▼▼▼
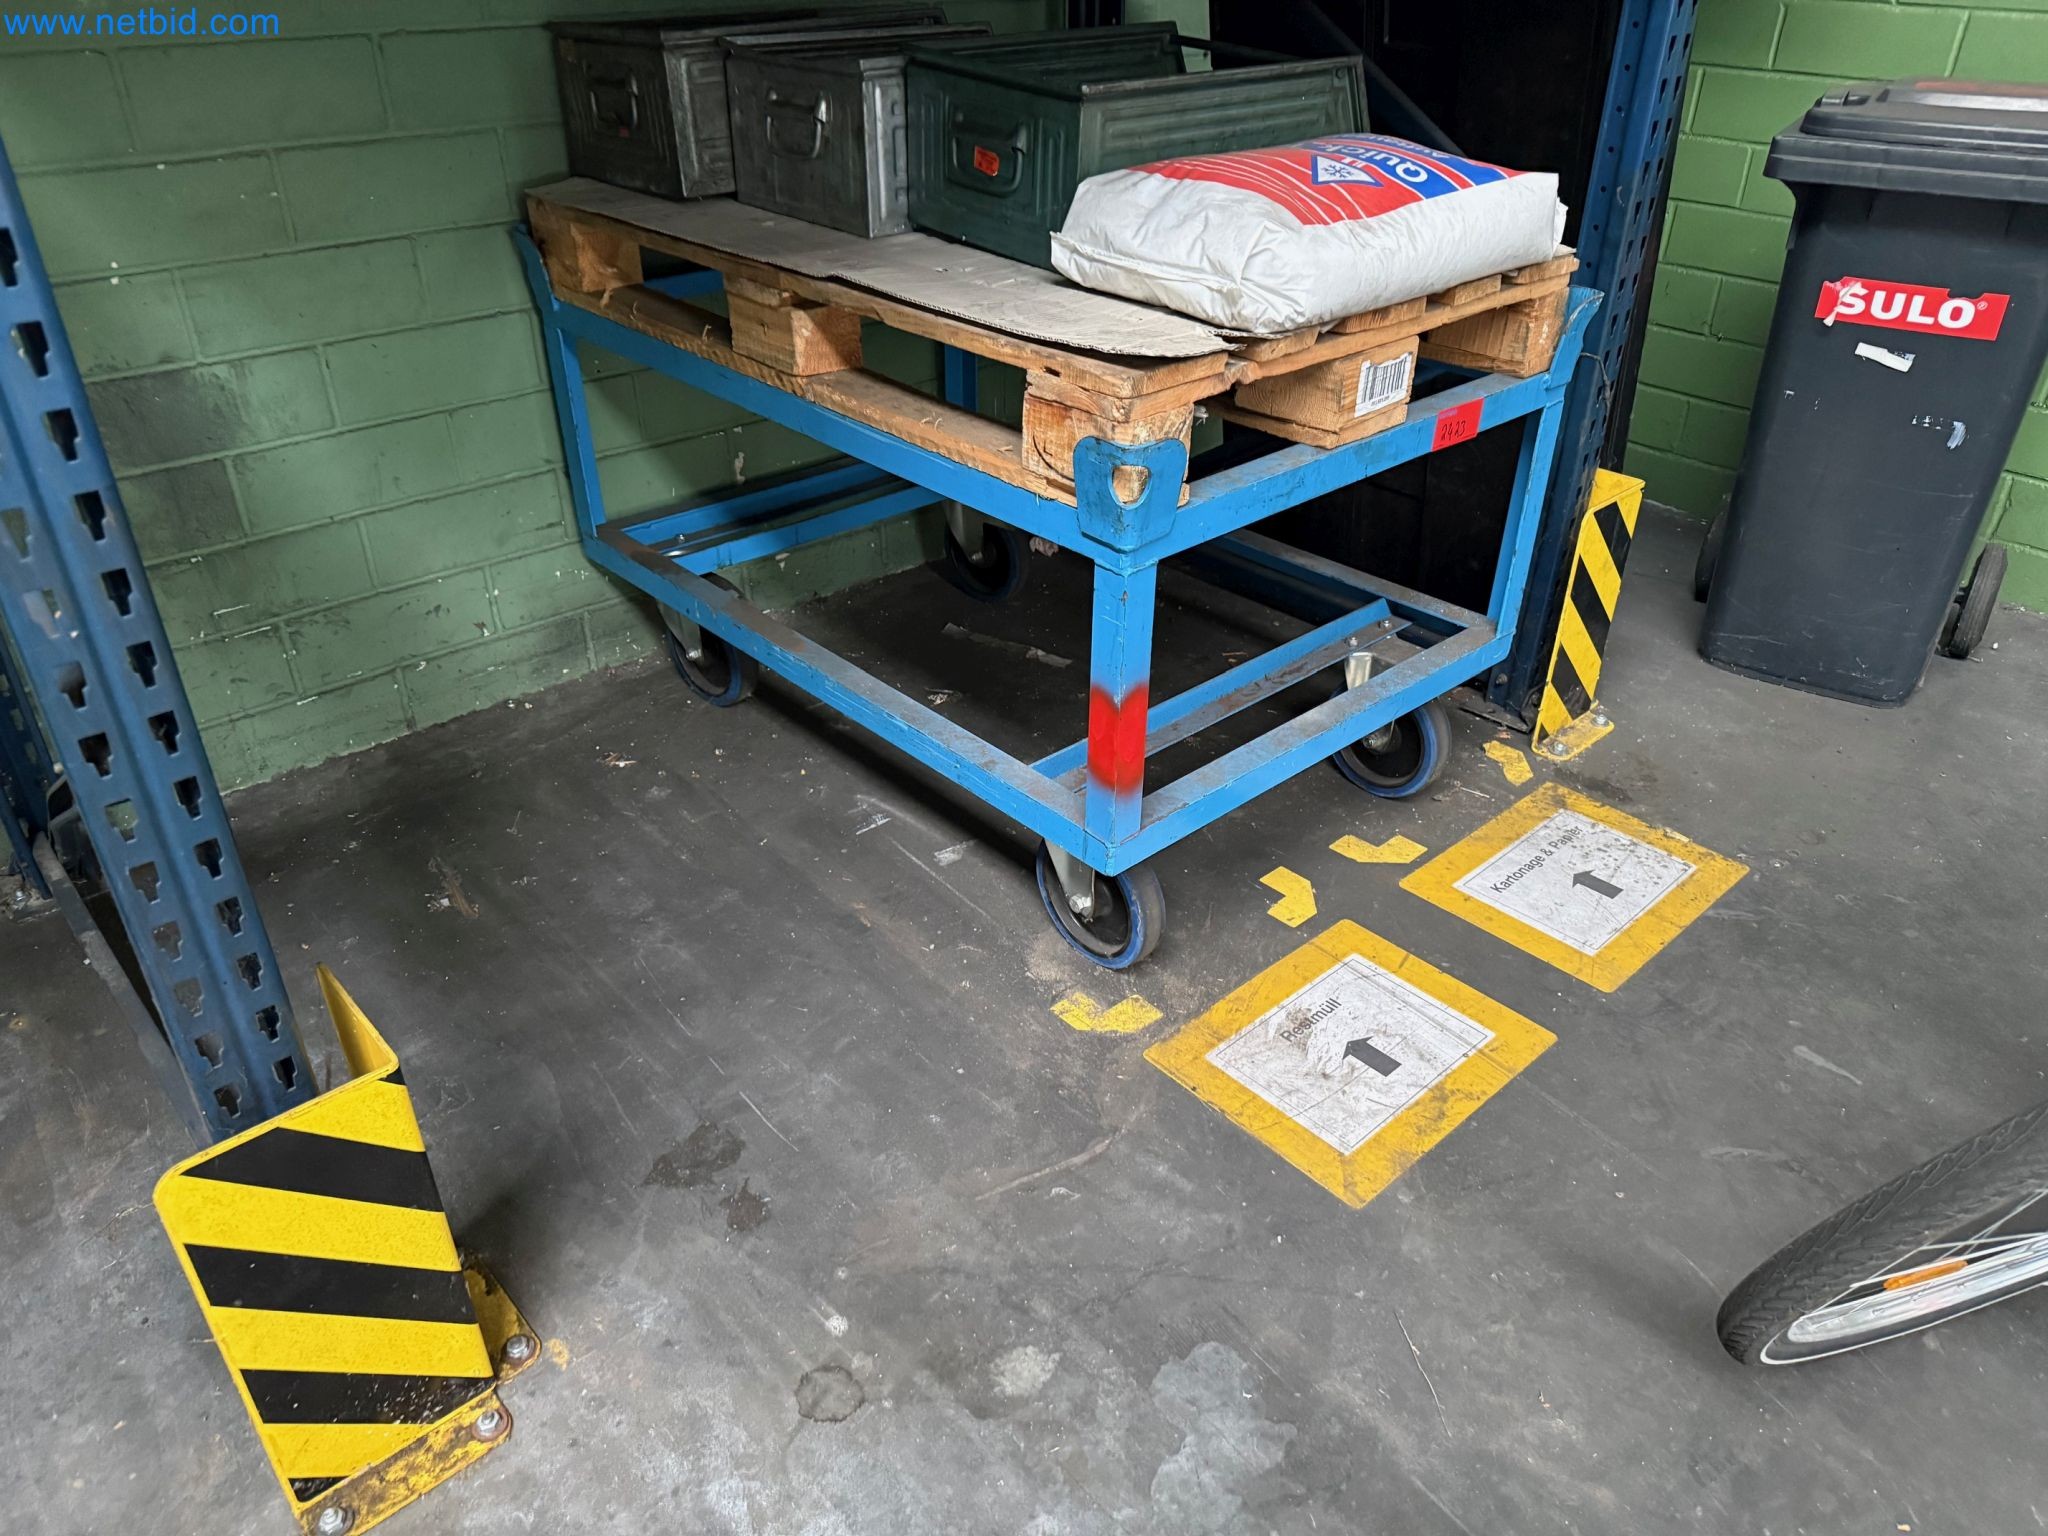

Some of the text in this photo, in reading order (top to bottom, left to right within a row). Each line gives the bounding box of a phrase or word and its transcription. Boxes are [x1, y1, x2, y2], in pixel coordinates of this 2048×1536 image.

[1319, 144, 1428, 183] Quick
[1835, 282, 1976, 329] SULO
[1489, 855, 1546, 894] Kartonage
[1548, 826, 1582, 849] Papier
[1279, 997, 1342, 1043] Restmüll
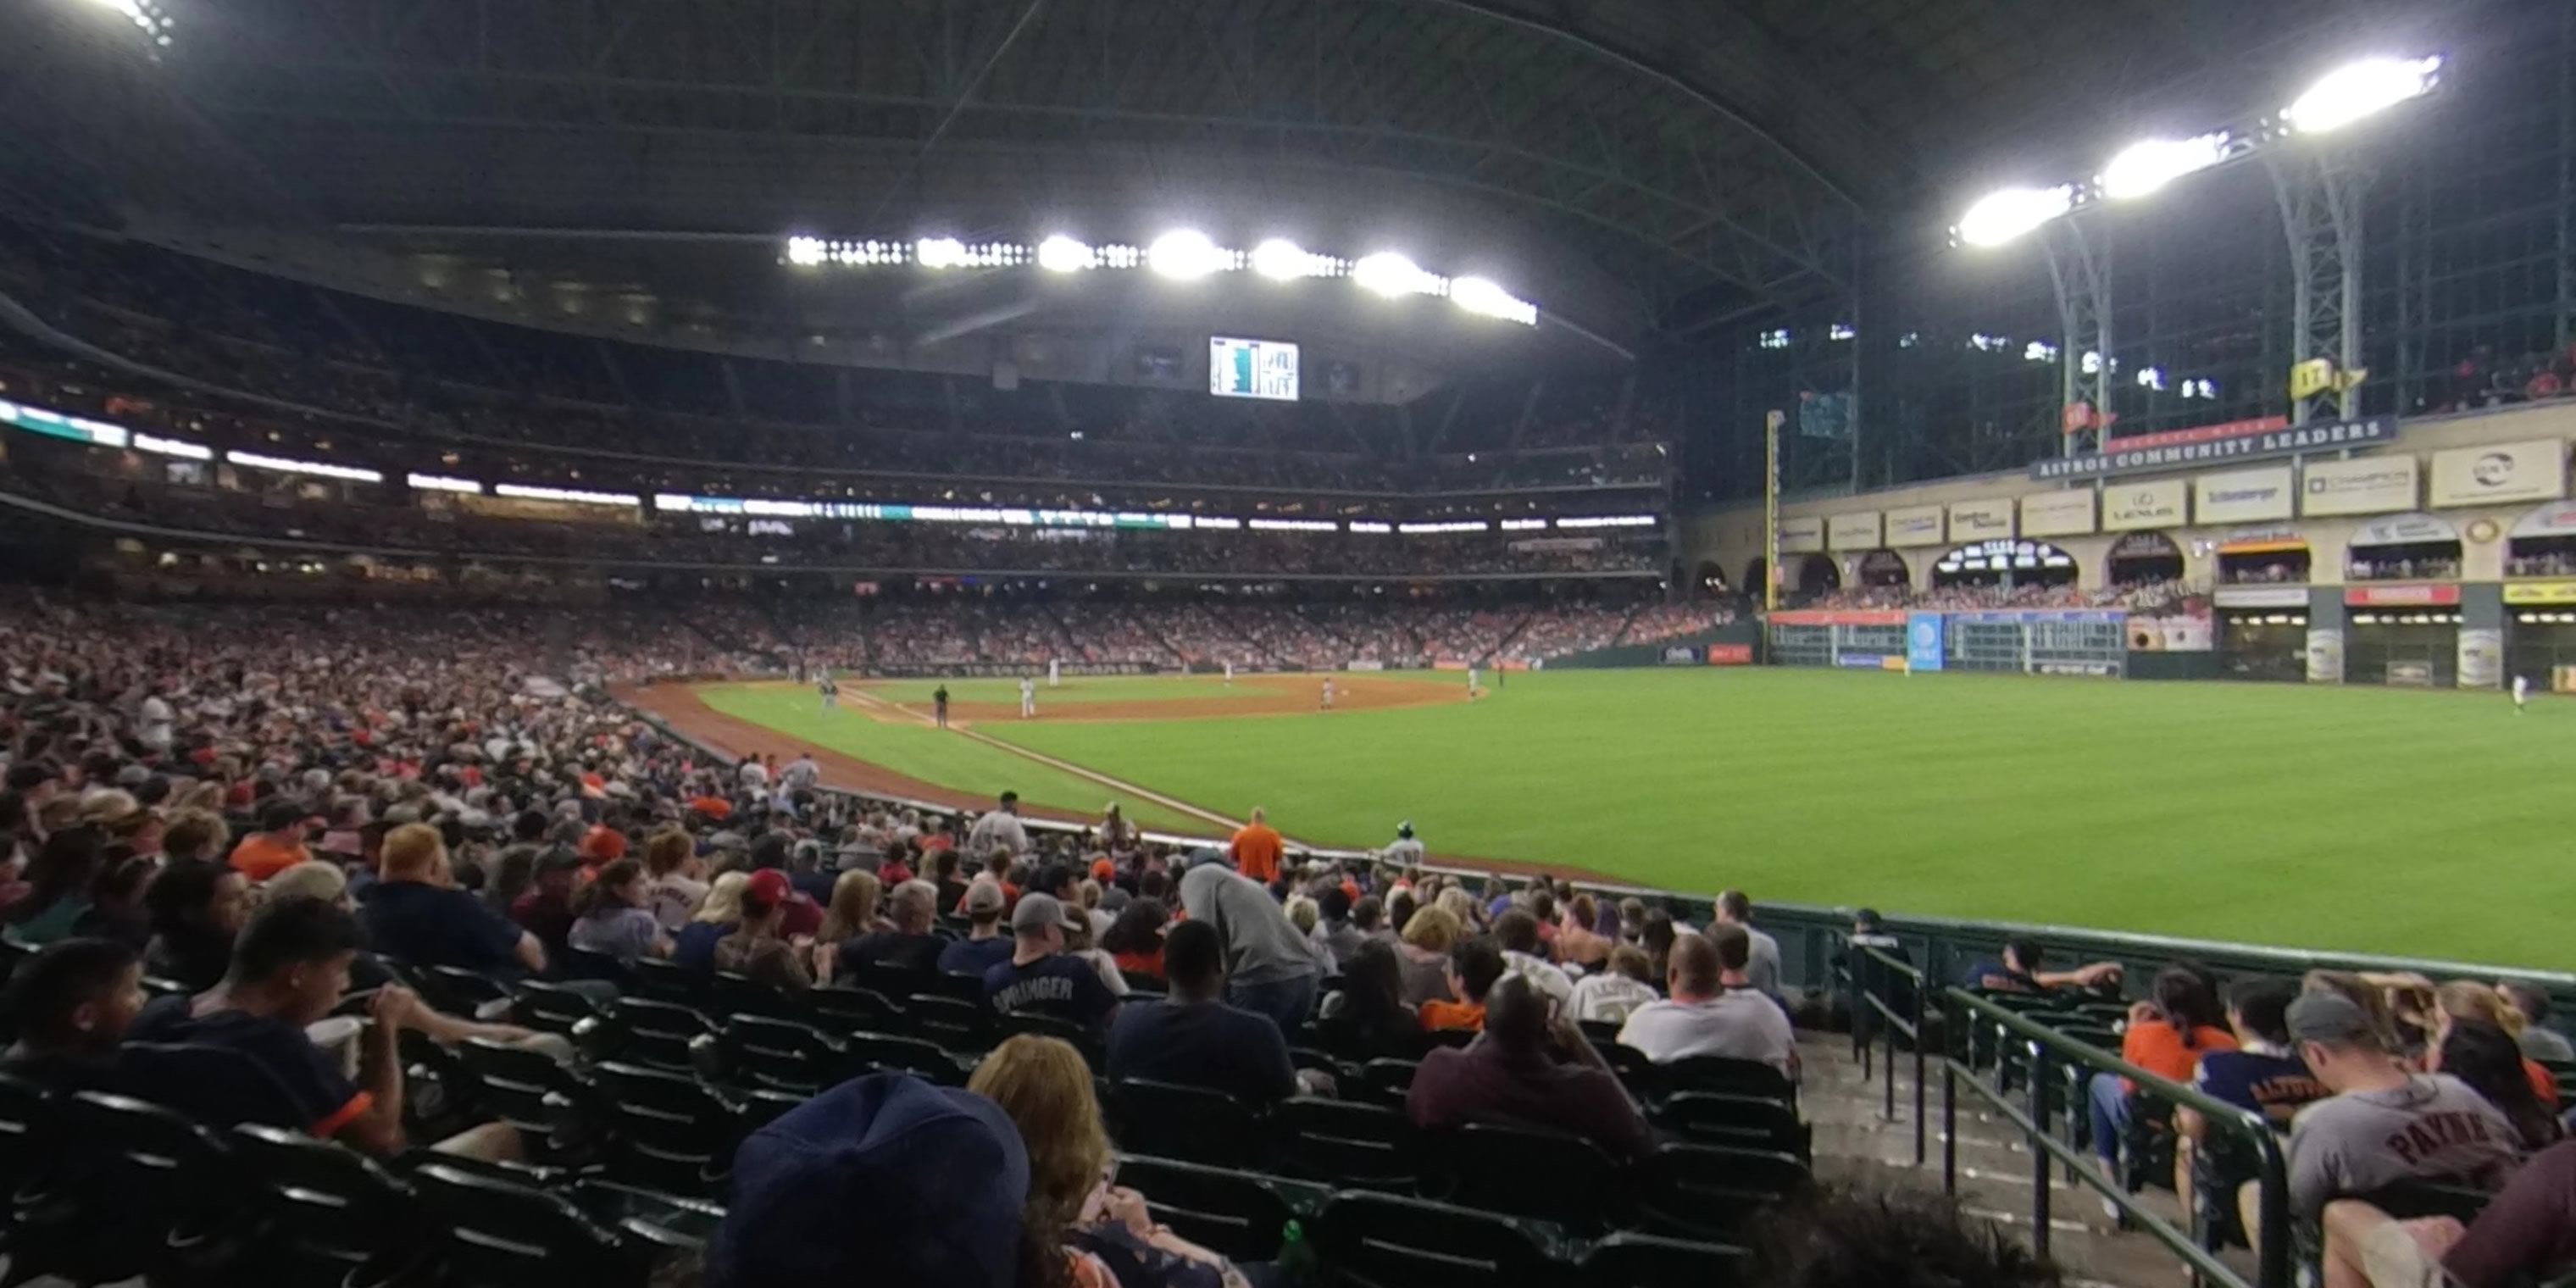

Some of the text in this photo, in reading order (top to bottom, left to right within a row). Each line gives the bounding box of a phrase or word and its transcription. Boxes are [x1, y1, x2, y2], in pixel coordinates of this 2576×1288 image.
▲▲▲
#### What you are asked to do
Every line above is to be returned exactly, with its pictures removed.

#### Result
Some of the text in this photo, in reading order (top to bottom, left to right within a row). Each line gives the bounding box of a phrase or word and its transcription. Boxes are [x1, y1, x2, y2], in pixel coordinates of this 2048×1536 image.

[1319, 144, 1428, 183] Quick
[1835, 282, 1976, 329] SULO
[1489, 855, 1546, 894] Kartonage
[1548, 826, 1582, 849] Papier
[1279, 997, 1342, 1043] Restmüll

Some of the text in this photo, in reading order (top to bottom, left to right within a row). Each line gives the bounding box of a phrase or word and its transcription. Boxes are [x1, y1, x2, y2], in pixel coordinates of this 2576×1288 image.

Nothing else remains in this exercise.